Input material below:

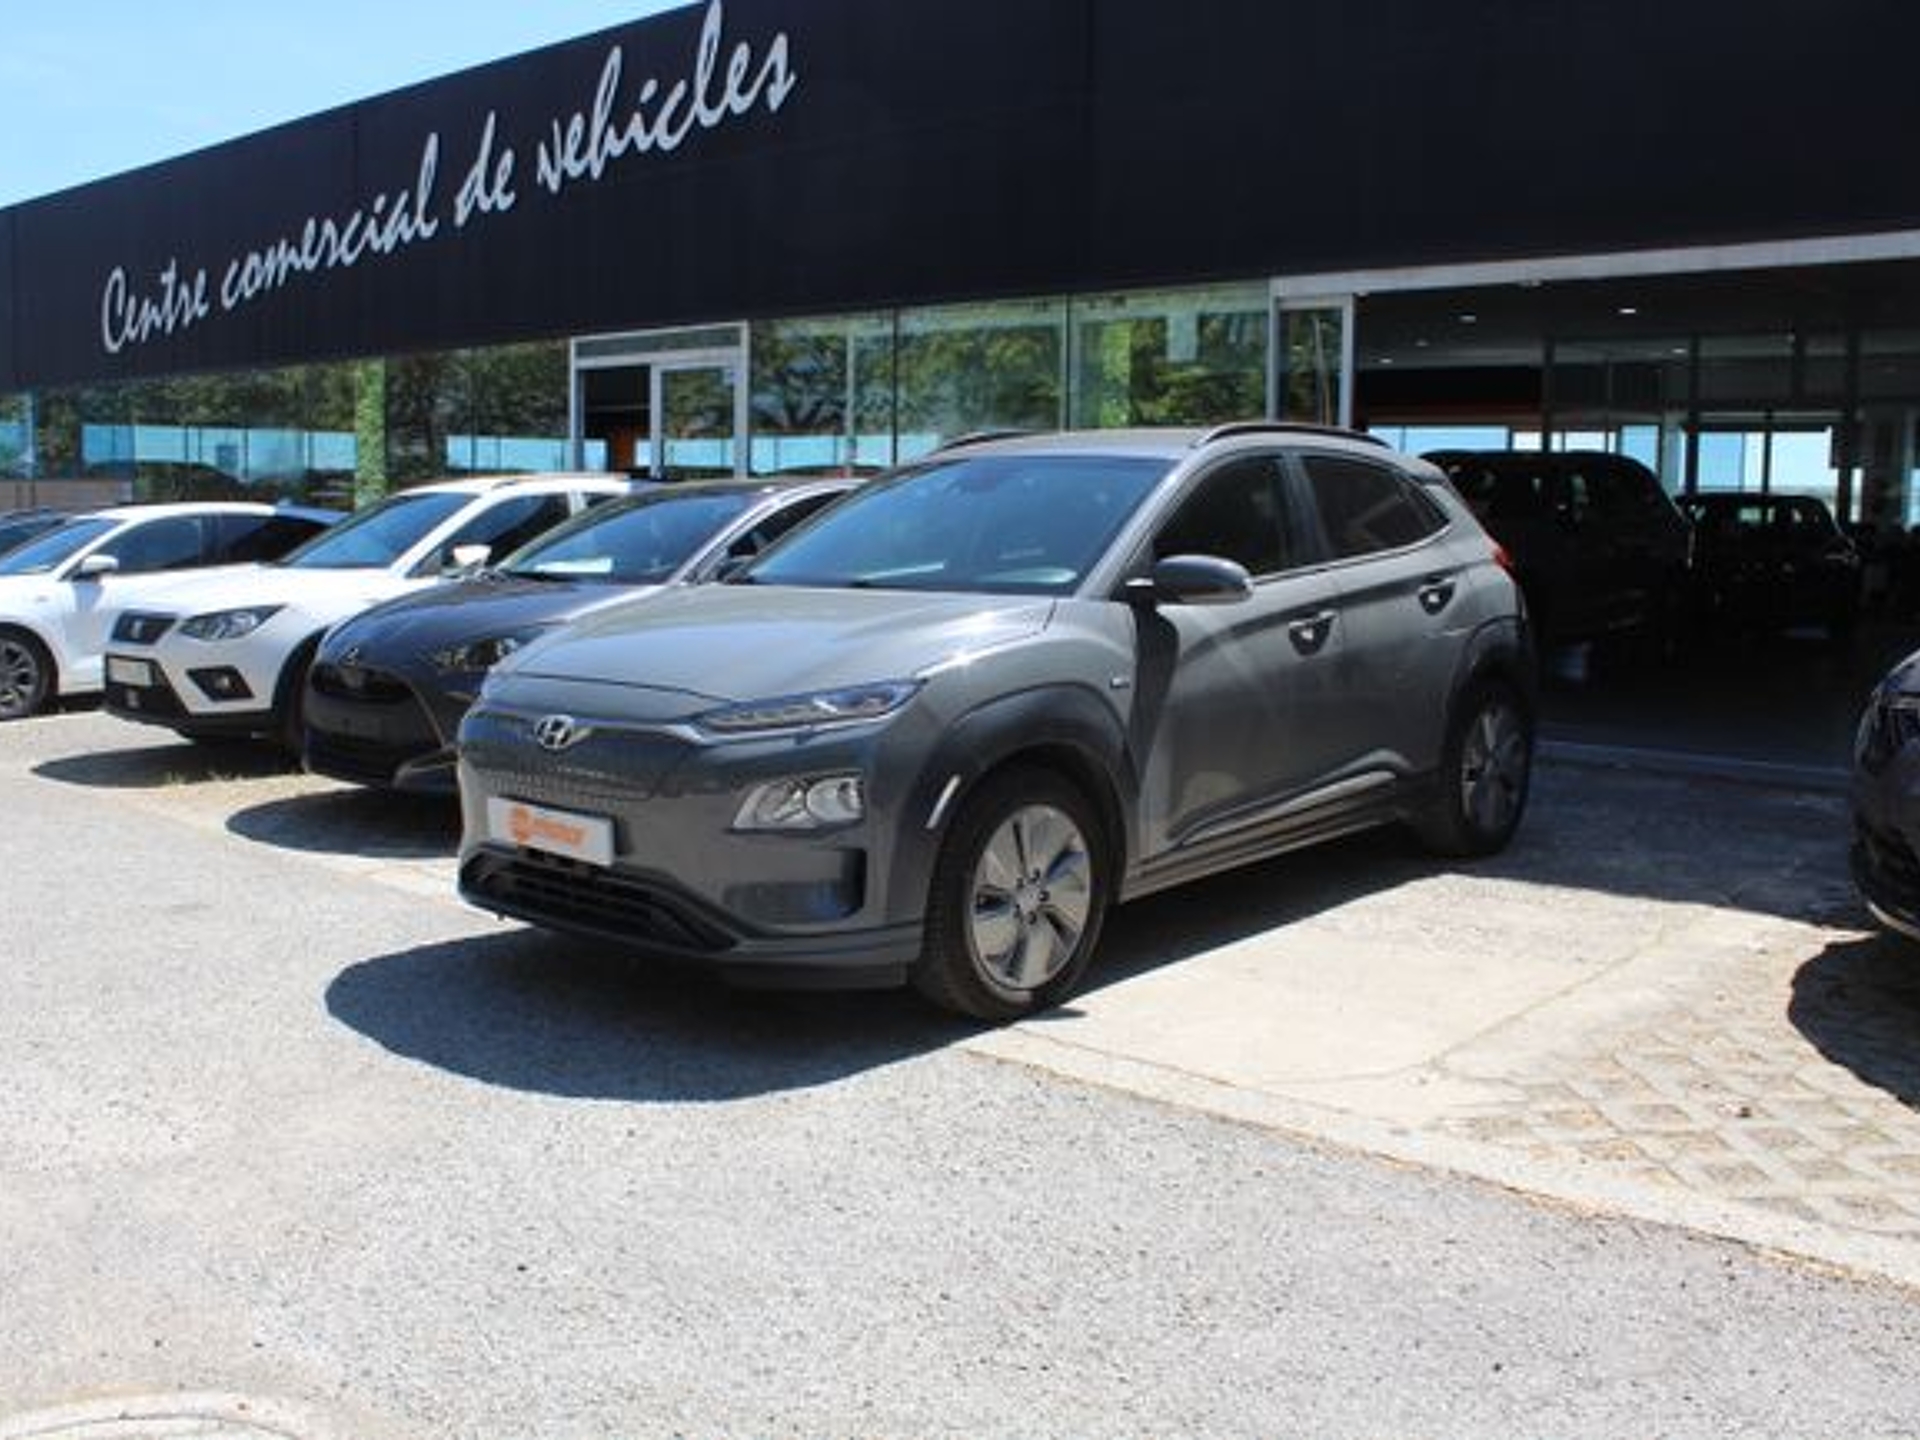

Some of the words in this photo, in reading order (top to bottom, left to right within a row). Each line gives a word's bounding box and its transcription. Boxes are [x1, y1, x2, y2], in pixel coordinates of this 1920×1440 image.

[102, 259, 209, 352] Centre
[221, 132, 438, 309] comercial
[454, 111, 516, 226] de
[536, 0, 796, 192] vehicles
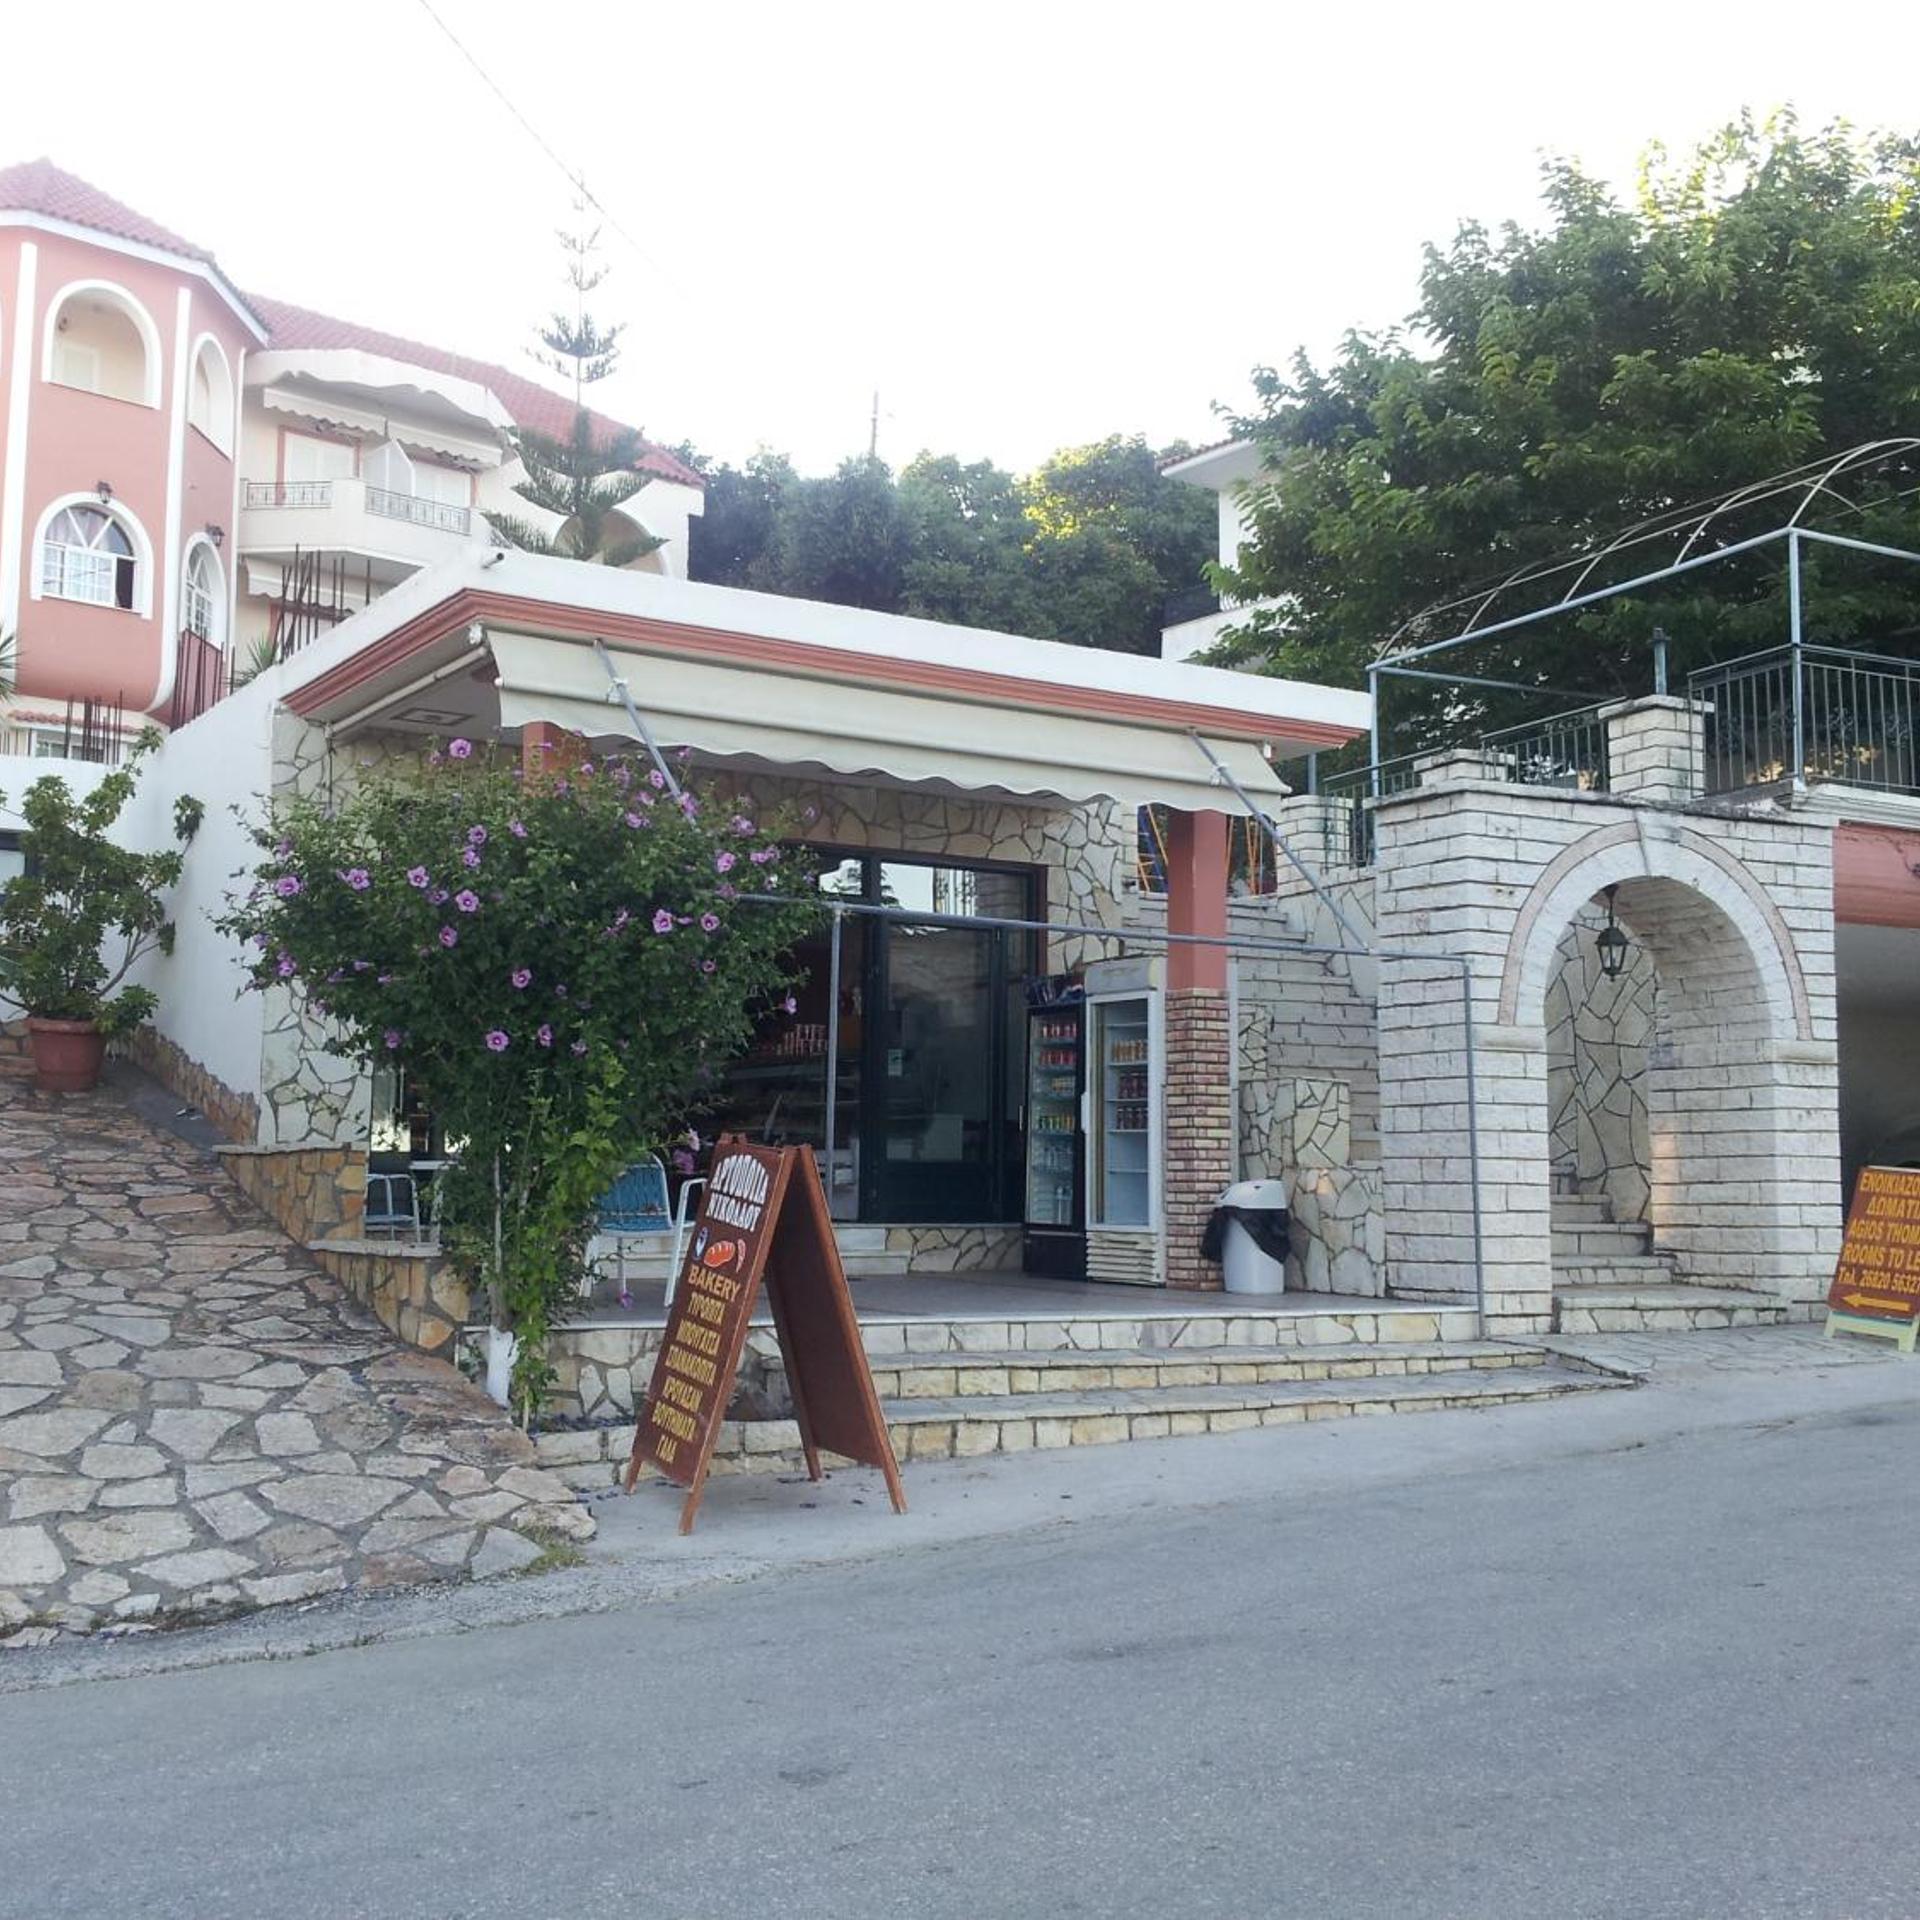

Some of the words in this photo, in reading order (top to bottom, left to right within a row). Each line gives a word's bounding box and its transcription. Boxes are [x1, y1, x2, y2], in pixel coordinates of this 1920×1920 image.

[1847, 1218, 1884, 1240] AGIOS
[1842, 1242, 1885, 1266] ROOMS
[1888, 1248, 1904, 1269] TO
[688, 1264, 741, 1302] BAKERY

End of Input material.

Problem details
A verbatim copy of every entry above, with no pictures, is the expected output.

Final answer
Some of the words in this photo, in reading order (top to bottom, left to right within a row). Each line gives a word's bounding box and its transcription. Boxes are [x1, y1, x2, y2], in pixel coordinates of this 1920×1440 image.

[102, 259, 209, 352] Centre
[221, 132, 438, 309] comercial
[454, 111, 516, 226] de
[536, 0, 796, 192] vehicles

Some of the words in this photo, in reading order (top to bottom, left to right within a row). Each line gives a word's bounding box and its transcription. Boxes are [x1, y1, x2, y2], in pixel coordinates of this 1920×1920 image.

[1847, 1218, 1884, 1240] AGIOS
[1842, 1242, 1885, 1266] ROOMS
[1888, 1248, 1904, 1269] TO
[688, 1264, 741, 1302] BAKERY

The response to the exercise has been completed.